*Prompt*
Below are some records; give them all again exactly, but not the pictures.
*** Extracted entries Section Begins ***
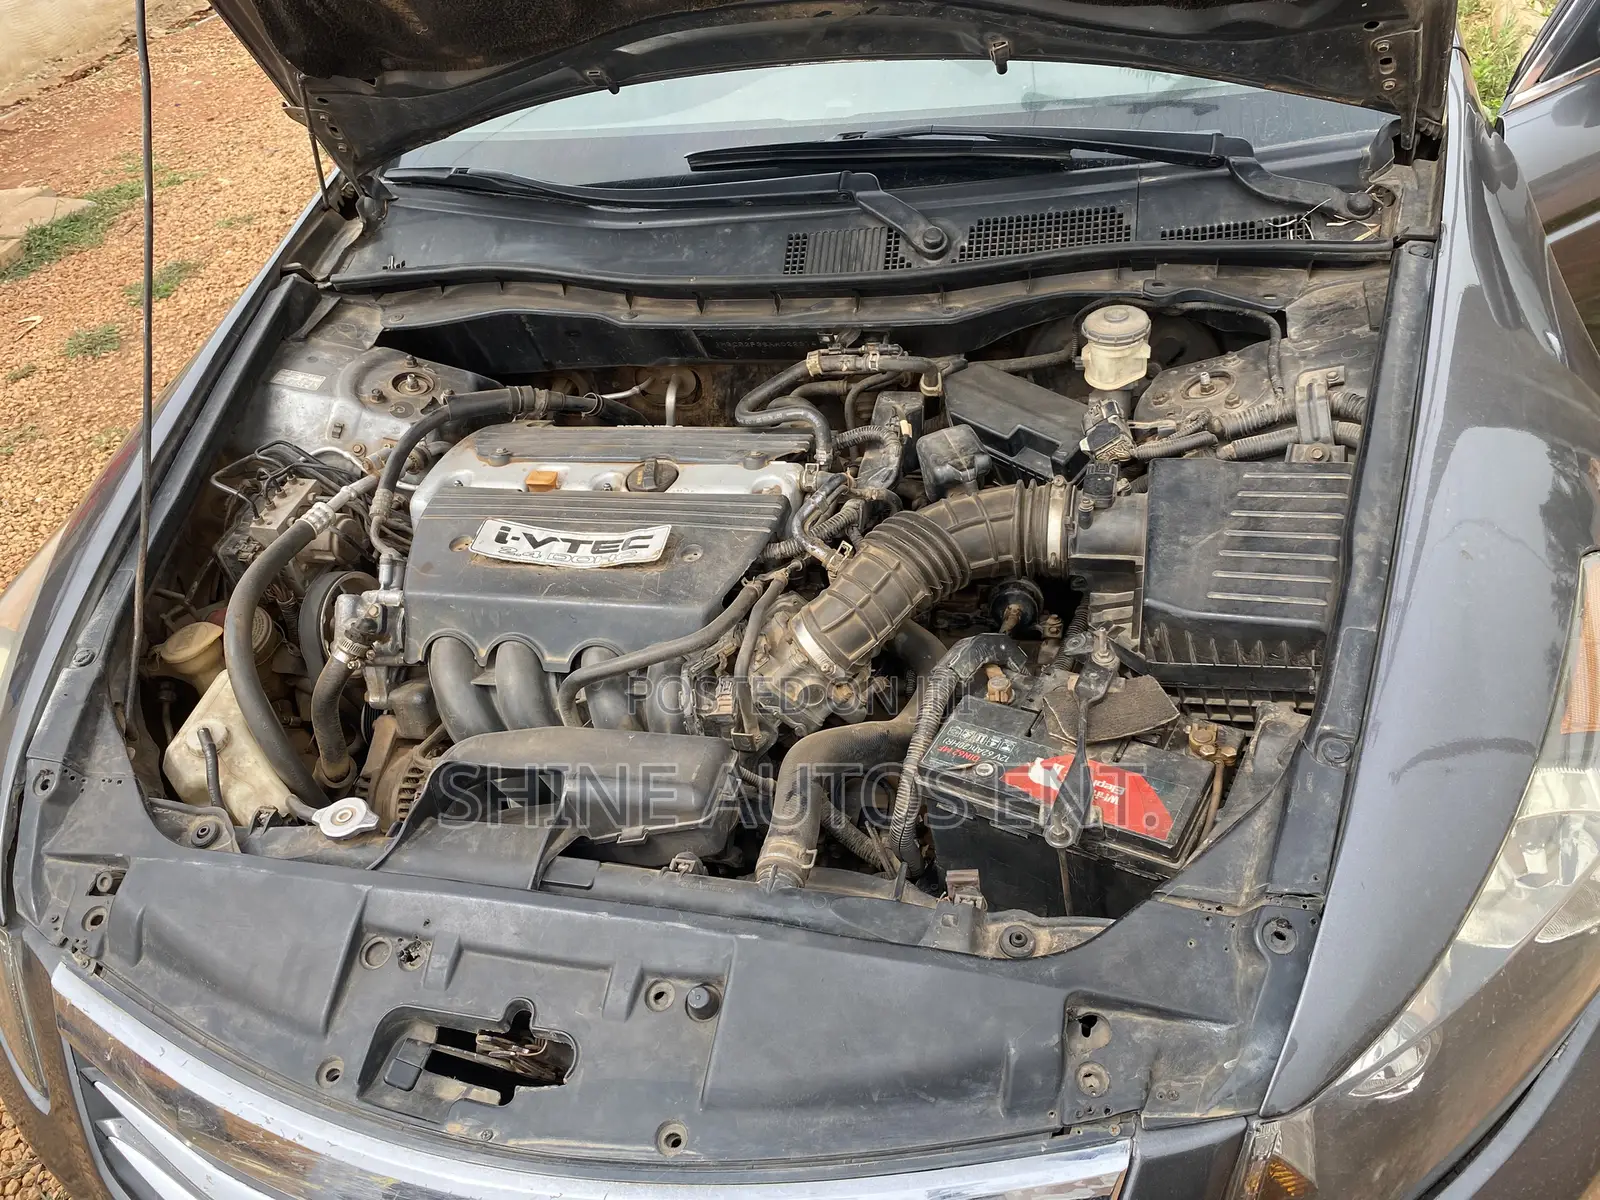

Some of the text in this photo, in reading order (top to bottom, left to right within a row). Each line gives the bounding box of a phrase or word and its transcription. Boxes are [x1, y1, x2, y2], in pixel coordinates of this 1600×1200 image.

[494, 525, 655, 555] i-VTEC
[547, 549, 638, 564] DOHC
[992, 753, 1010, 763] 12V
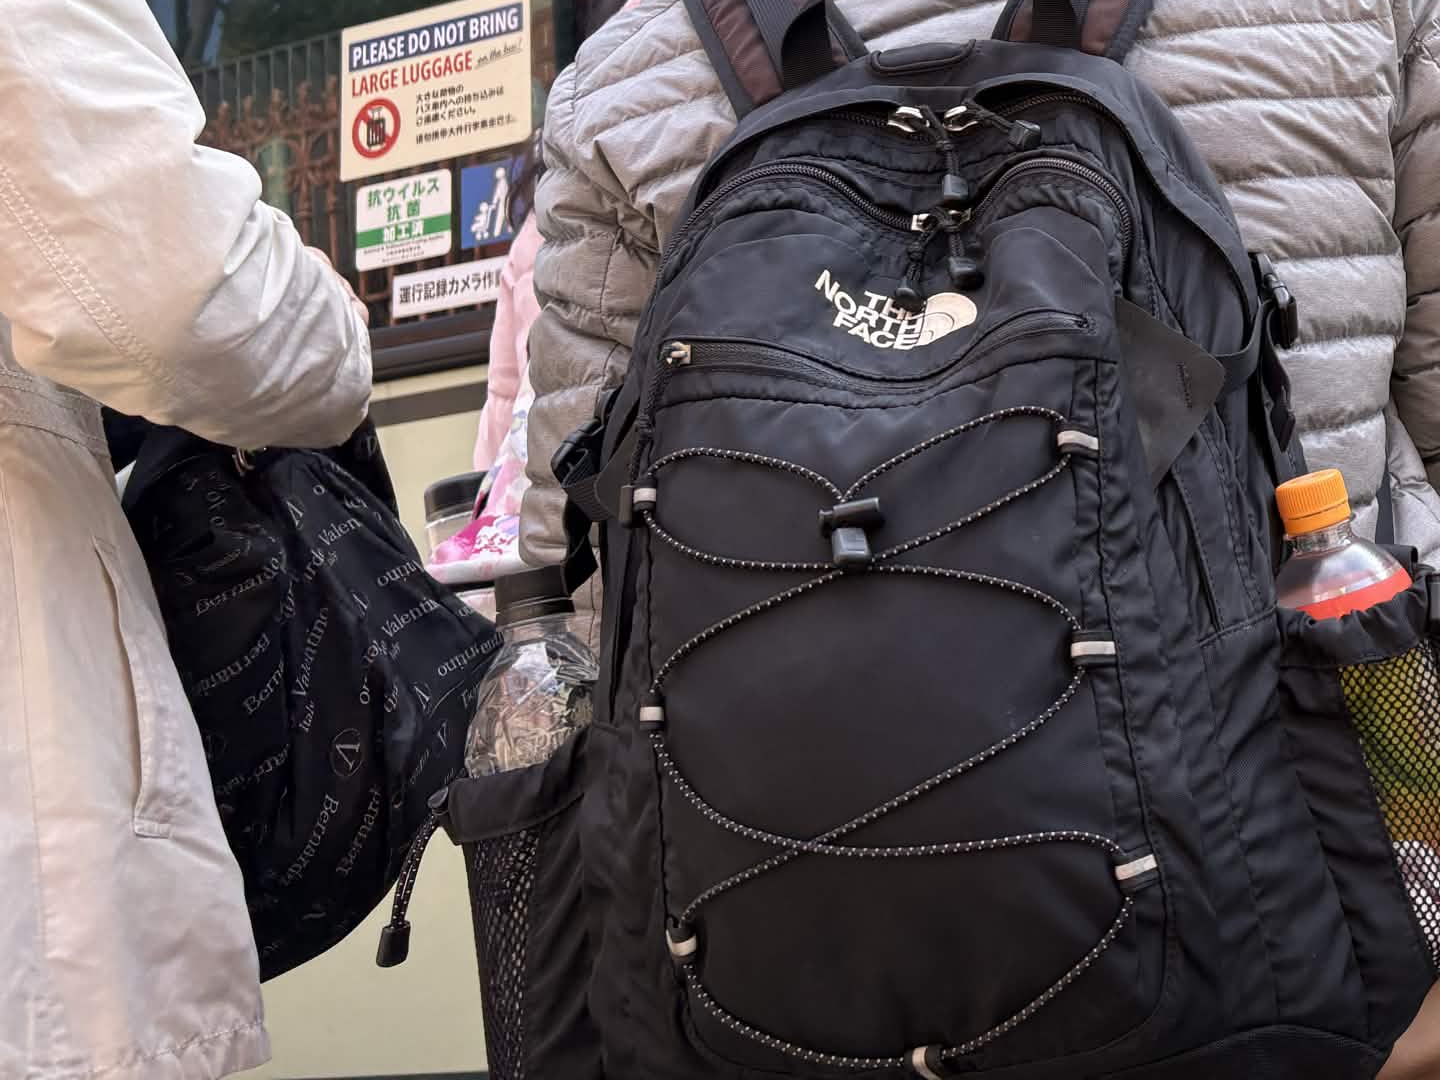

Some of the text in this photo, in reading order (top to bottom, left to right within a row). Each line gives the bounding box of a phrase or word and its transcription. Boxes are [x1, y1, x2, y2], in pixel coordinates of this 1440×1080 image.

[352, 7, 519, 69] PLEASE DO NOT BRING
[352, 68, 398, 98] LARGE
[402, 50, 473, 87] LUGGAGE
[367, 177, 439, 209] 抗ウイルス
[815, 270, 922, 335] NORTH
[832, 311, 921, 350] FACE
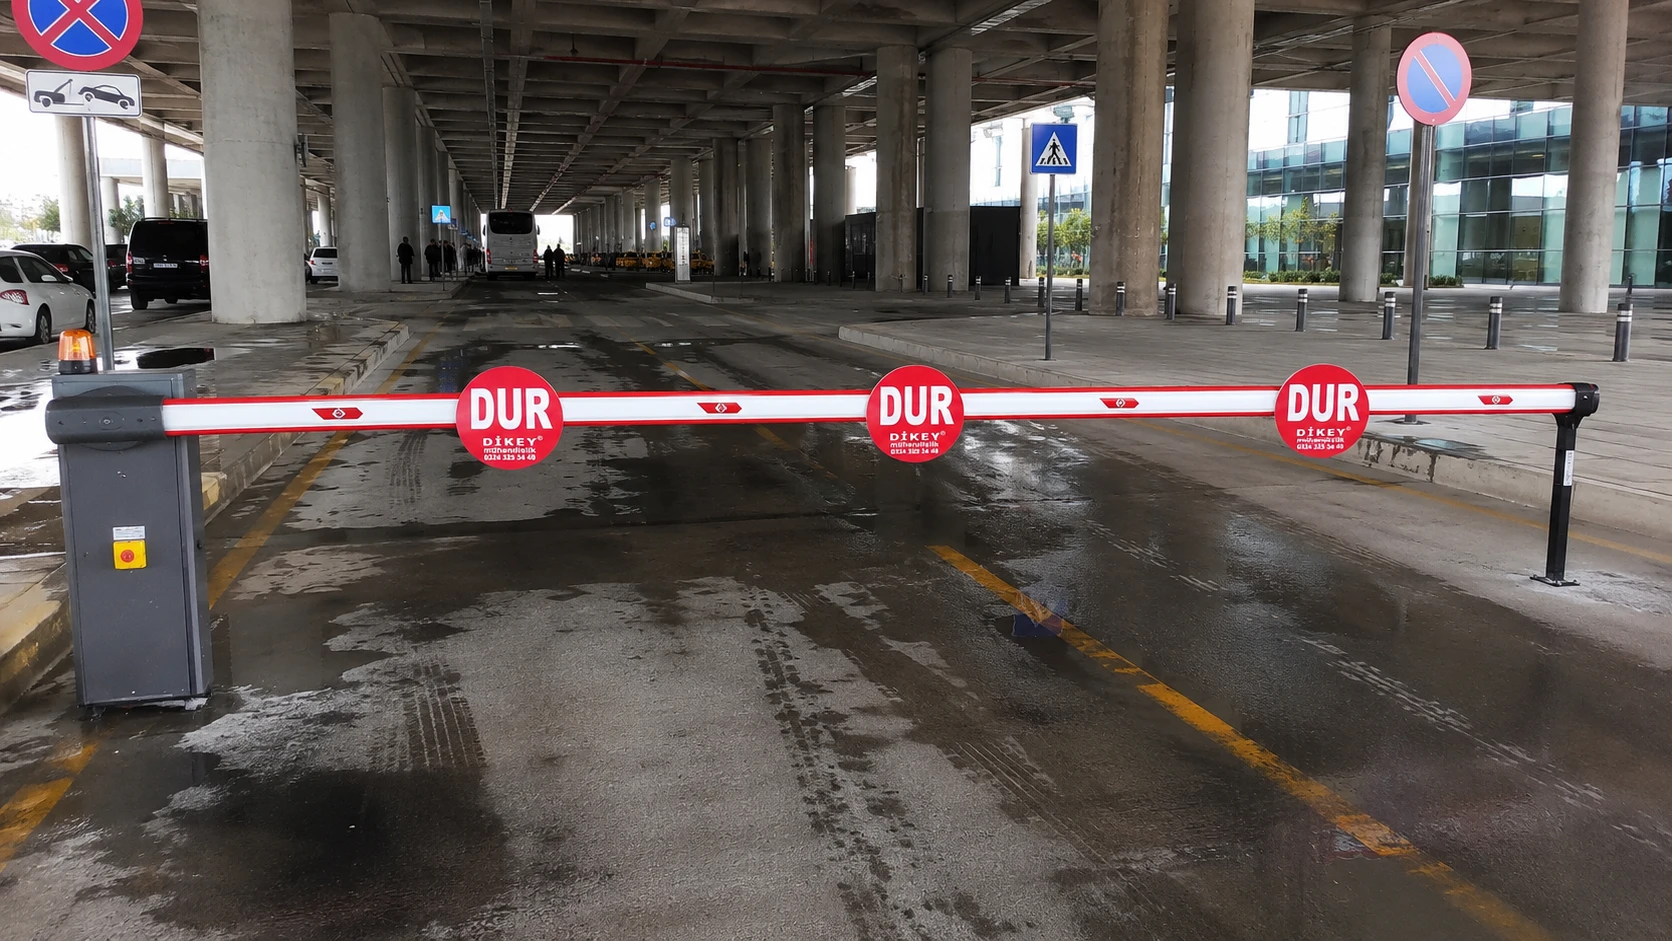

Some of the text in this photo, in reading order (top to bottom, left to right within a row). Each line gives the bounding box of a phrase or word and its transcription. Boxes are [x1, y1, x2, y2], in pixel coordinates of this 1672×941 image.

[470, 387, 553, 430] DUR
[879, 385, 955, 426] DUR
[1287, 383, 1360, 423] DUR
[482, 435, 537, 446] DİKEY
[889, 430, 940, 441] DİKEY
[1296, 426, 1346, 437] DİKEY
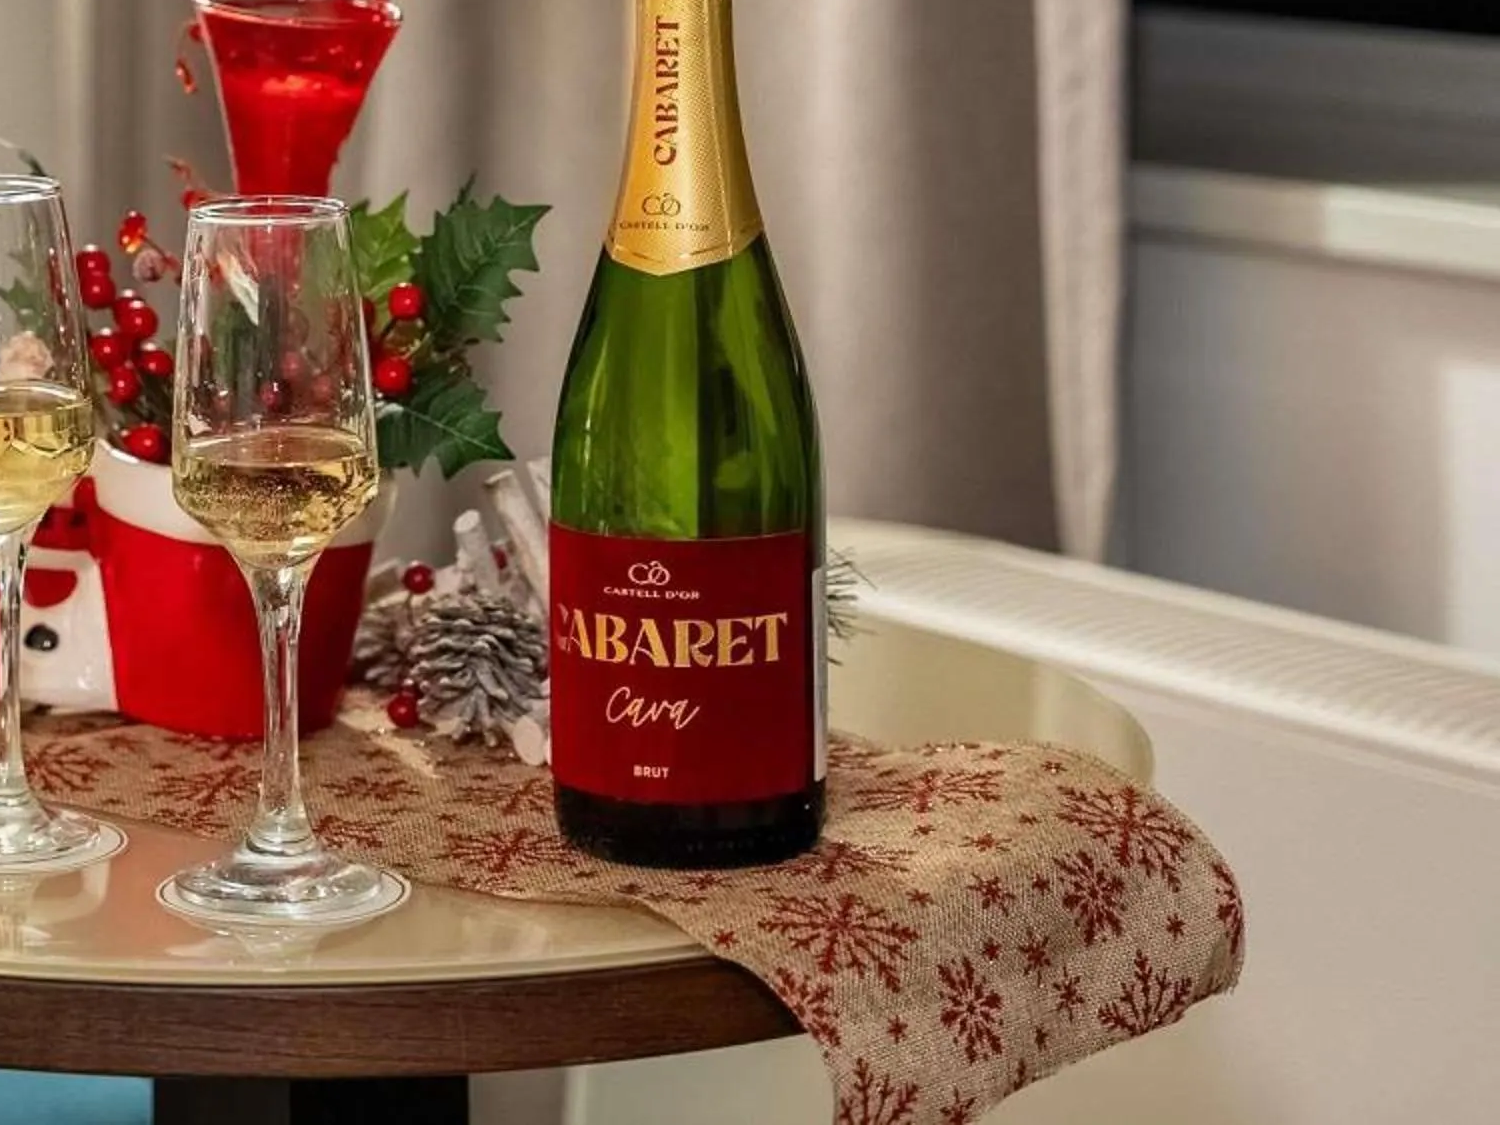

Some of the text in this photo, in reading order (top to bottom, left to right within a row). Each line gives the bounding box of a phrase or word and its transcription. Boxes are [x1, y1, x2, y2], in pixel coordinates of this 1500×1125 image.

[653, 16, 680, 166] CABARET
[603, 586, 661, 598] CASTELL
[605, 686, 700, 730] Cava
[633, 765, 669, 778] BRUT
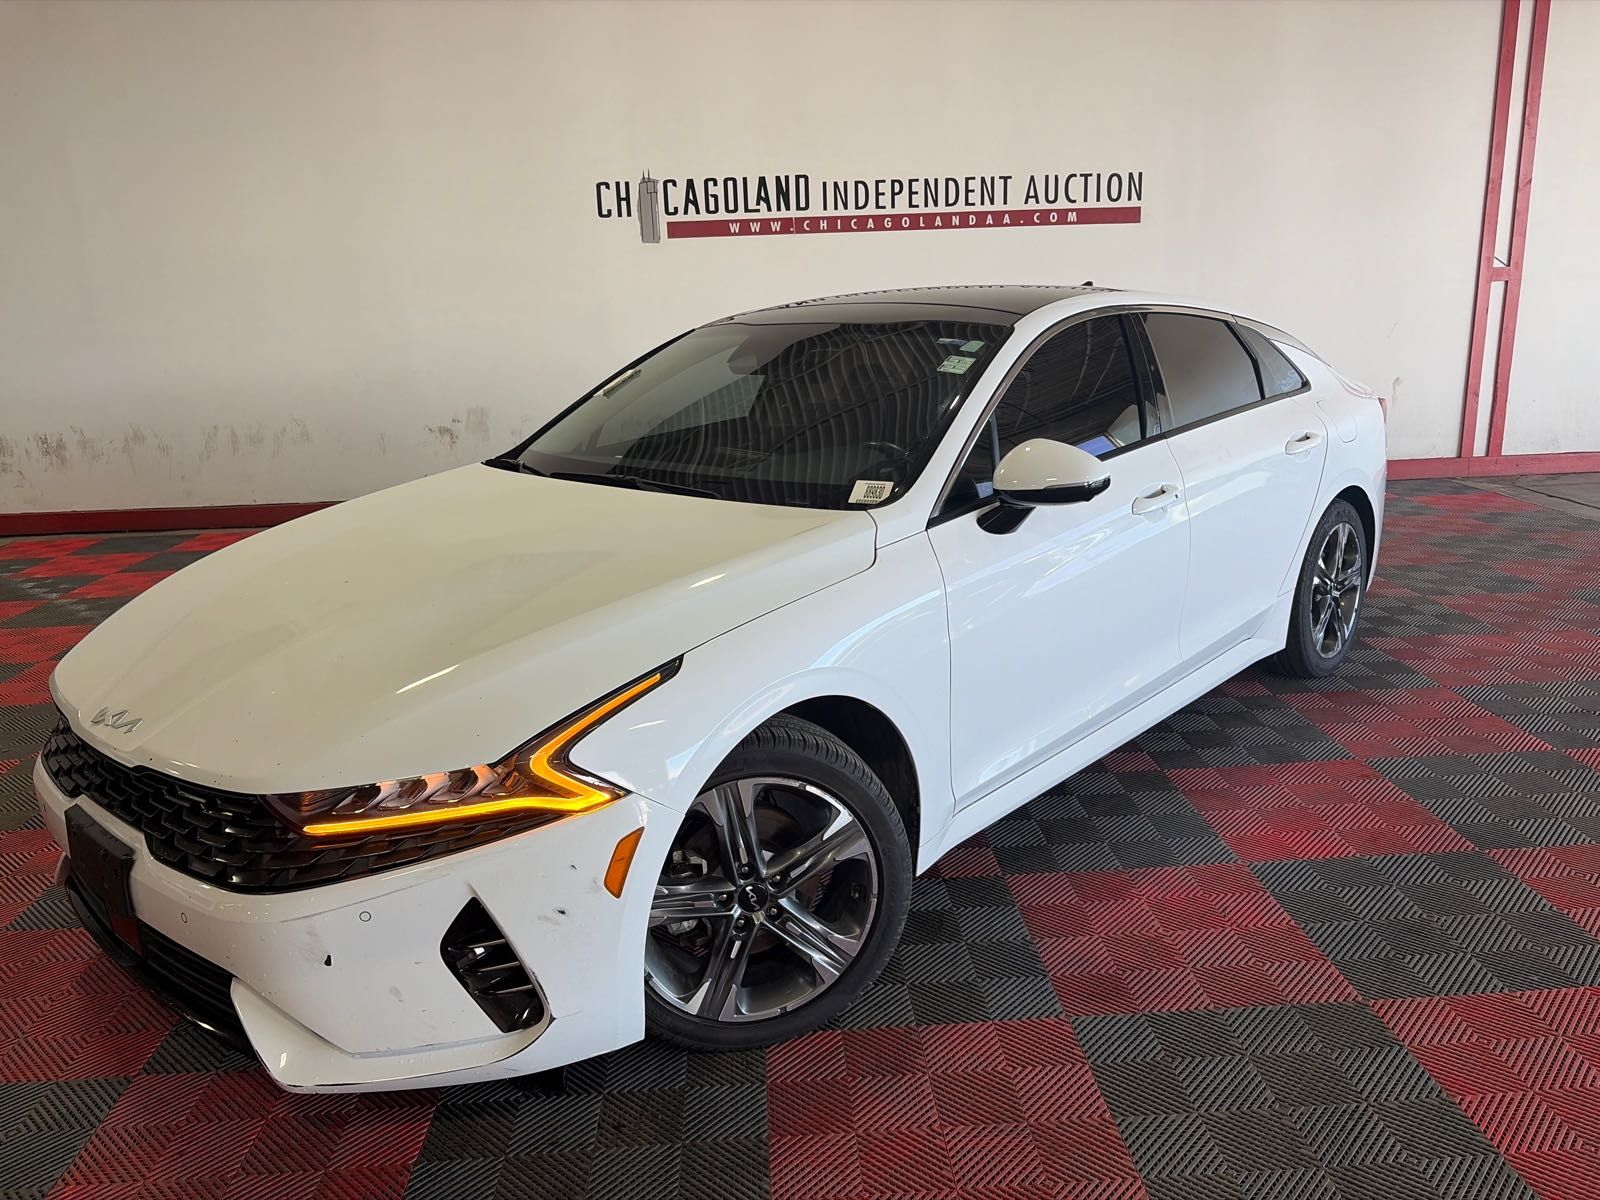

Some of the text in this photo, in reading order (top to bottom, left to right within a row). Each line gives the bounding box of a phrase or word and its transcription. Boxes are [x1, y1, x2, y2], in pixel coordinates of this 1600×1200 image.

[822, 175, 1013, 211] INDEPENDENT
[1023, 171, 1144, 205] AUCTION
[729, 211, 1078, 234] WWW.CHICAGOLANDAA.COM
*** Extracted entries Section Ends ***
*Output below*
Some of the text in this photo, in reading order (top to bottom, left to right within a row). Each line gives the bounding box of a phrase or word and its transcription. Boxes are [x1, y1, x2, y2], in pixel coordinates of this 1600×1200 image.

[494, 525, 655, 555] i-VTEC
[547, 549, 638, 564] DOHC
[992, 753, 1010, 763] 12V

Some of the text in this photo, in reading order (top to bottom, left to right within a row). Each line gives the bounding box of a phrase or word and its transcription. Boxes are [x1, y1, x2, y2], in pixel coordinates of this 1440×1080 image.

[352, 7, 519, 69] PLEASE DO NOT BRING
[352, 68, 398, 98] LARGE
[402, 50, 473, 87] LUGGAGE
[367, 177, 439, 209] 抗ウイルス
[815, 270, 922, 335] NORTH
[832, 311, 921, 350] FACE

Some of the text in this photo, in reading order (top to bottom, left to right within a row). Each line gives the bounding box of a phrase or word and its transcription. Boxes are [x1, y1, x2, y2], in pixel coordinates of this 1672×941 image.

[470, 387, 553, 430] DUR
[879, 385, 955, 426] DUR
[1287, 383, 1360, 423] DUR
[482, 435, 537, 446] DİKEY
[889, 430, 940, 441] DİKEY
[1296, 426, 1346, 437] DİKEY

Some of the text in this photo, in reading order (top to bottom, left to right within a row). Each line gives the bounding box of a phrase or word and its transcription. Boxes are [x1, y1, x2, y2], in pixel coordinates of this 1500×1125 image.

[653, 16, 680, 166] CABARET
[603, 586, 661, 598] CASTELL
[605, 686, 700, 730] Cava
[633, 765, 669, 778] BRUT

Some of the text in this photo, in reading order (top to bottom, left to right within a row). Each line gives the bounding box of a phrase or word and its transcription. Boxes are [x1, y1, x2, y2], in pixel coordinates of this 1600×1200 image.

[822, 175, 1013, 211] INDEPENDENT
[1023, 171, 1144, 205] AUCTION
[729, 211, 1078, 234] WWW.CHICAGOLANDAA.COM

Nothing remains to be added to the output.